Time’s Passing Reflection Day Five: Percy Shelley

Supported through the efforts of A Bibliophile’s Workshop-editorial/publicity services for self-published writers-  the first inaugural Blog Tour is here. For this first blog tour, Indulge your mind with some lovely yarns of poetry, perfect as an antidote to life’s trials and tribulations!!

Celebrating the Poetic Legacy of Thelma Barselow, one poem at a time….

Time’s Passing Reflections Blog Tour (September 14, 2014-September 20, 2014)

Like & Share these posts with a wide pool of people, to be eligible to win a special  literary prize…. more details about such a prize can be found below!

Amazon/Goodreads

Capturing the vivid intimacy of journaling combined with the photographic realism of  rich poetry, Thelma Barselow’s collection of poetry is a volume of poetry that any serious reader of poetry will not want to miss!!

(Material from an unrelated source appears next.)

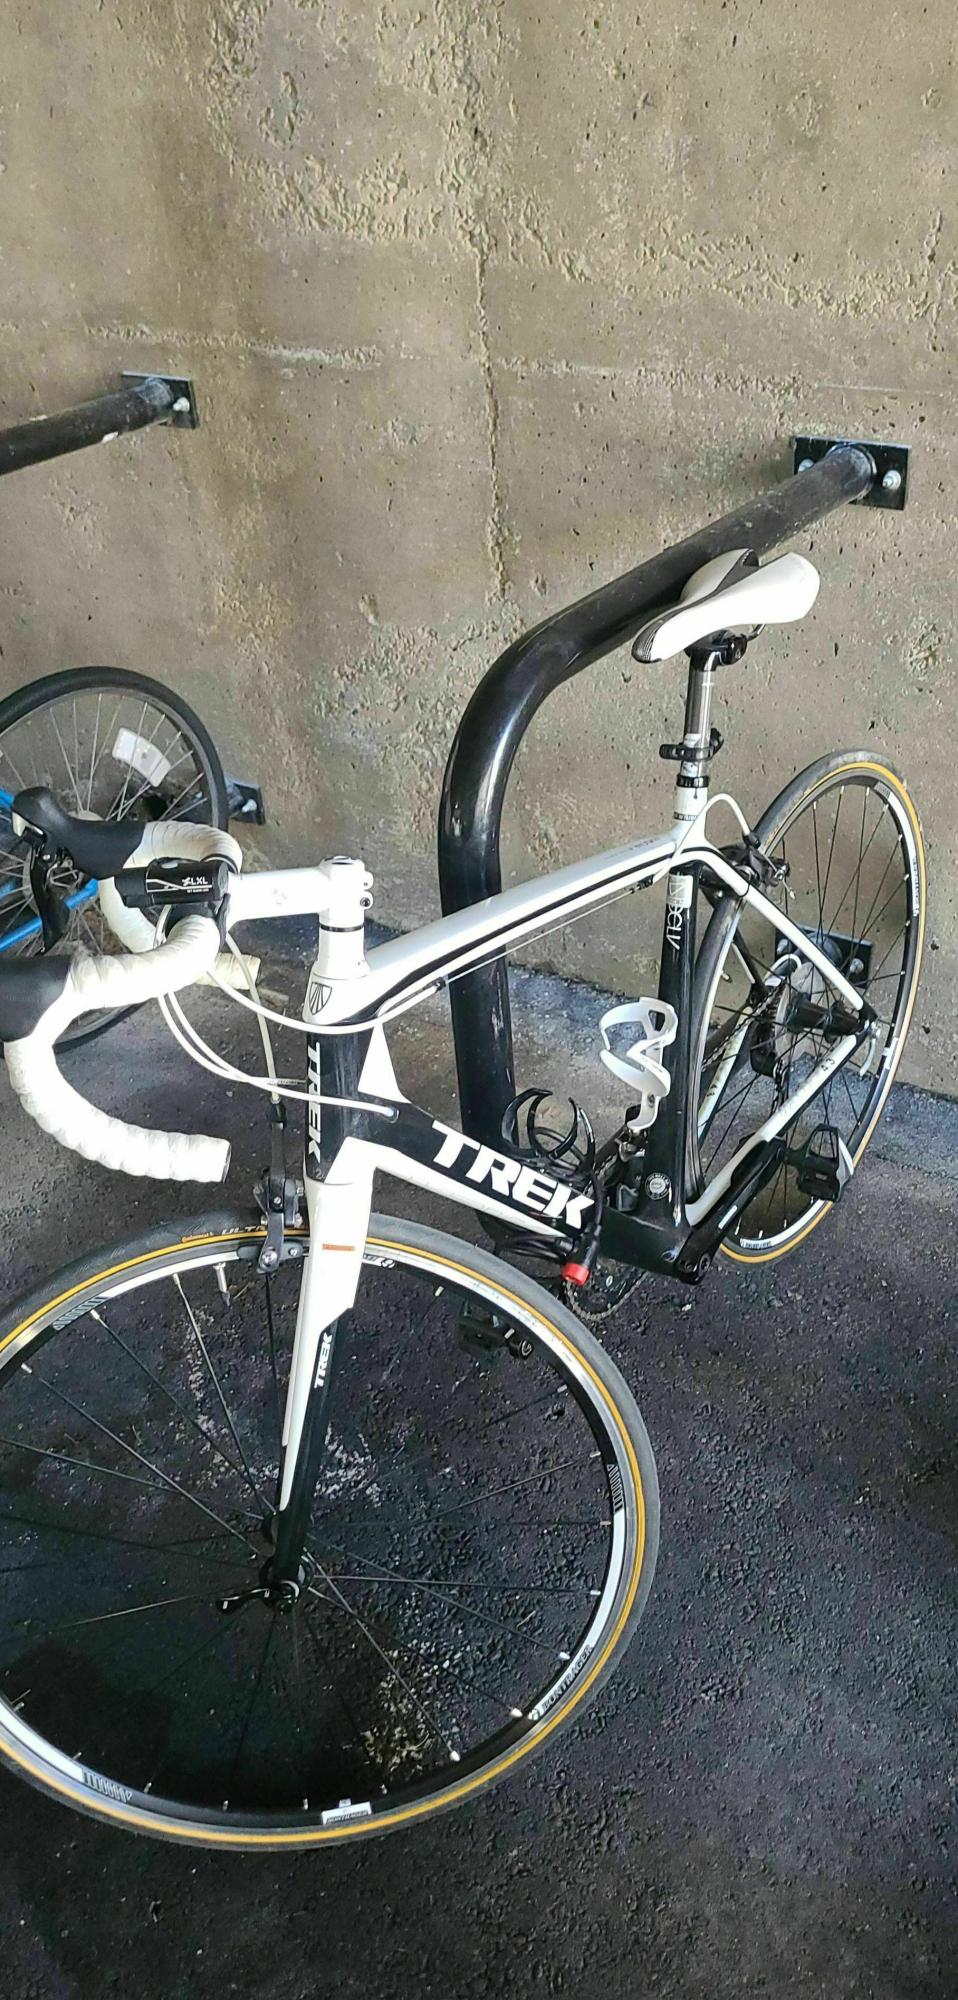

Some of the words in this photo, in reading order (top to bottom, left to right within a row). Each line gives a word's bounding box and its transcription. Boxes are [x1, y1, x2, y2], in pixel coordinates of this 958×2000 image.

Synopsis, taken from the Amazon product page:

“This collection of poetry spans the years and encompasses a lifetime of observations, broken down into simple, yet elegant and sometimes whimsical poems. Some of the poems are religious, others are merely soulful.

Thelma has spent her life caring for others, starting with her children and her husband. That career included caring for the children of others, and ultimately, taking care of Alzheimer’s patients which she did until her recent retirement.

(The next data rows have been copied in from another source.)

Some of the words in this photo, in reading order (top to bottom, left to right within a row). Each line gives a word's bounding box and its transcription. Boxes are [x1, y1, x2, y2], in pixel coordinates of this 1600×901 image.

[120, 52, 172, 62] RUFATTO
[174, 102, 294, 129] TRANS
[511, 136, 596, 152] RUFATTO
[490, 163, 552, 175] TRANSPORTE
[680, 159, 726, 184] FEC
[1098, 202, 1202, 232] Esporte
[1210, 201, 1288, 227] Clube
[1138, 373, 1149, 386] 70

She has many stories to tell and I hope that someday she will tell them all. Until then, please enjoy this collection of her words, her thoughts, her passing reflections.”

This is a poetry collection, which Anne Rice made sure to buy five copies for friends and family:

Anne share
Poem-of-the Day:

**If you have an eidetic memory (the type of memory that lets you recall images and sounds without mnemonic tricks), you may be able to memorize fragments of these poems. Many of the poems featured here will be short, highly visceral,as are most of the poems contained in Thelma Barselow’s poem collection- Time’s Passing Reflections

   Today’s featured poem is written by one of my absolute favorite poets, Percy Shelley (husband of Mary Shelley), a poet I was introduced to during my undergraduate years. His poems are commonly very long, so this poem aptly titled “A Lament,” is one of his shorter poems.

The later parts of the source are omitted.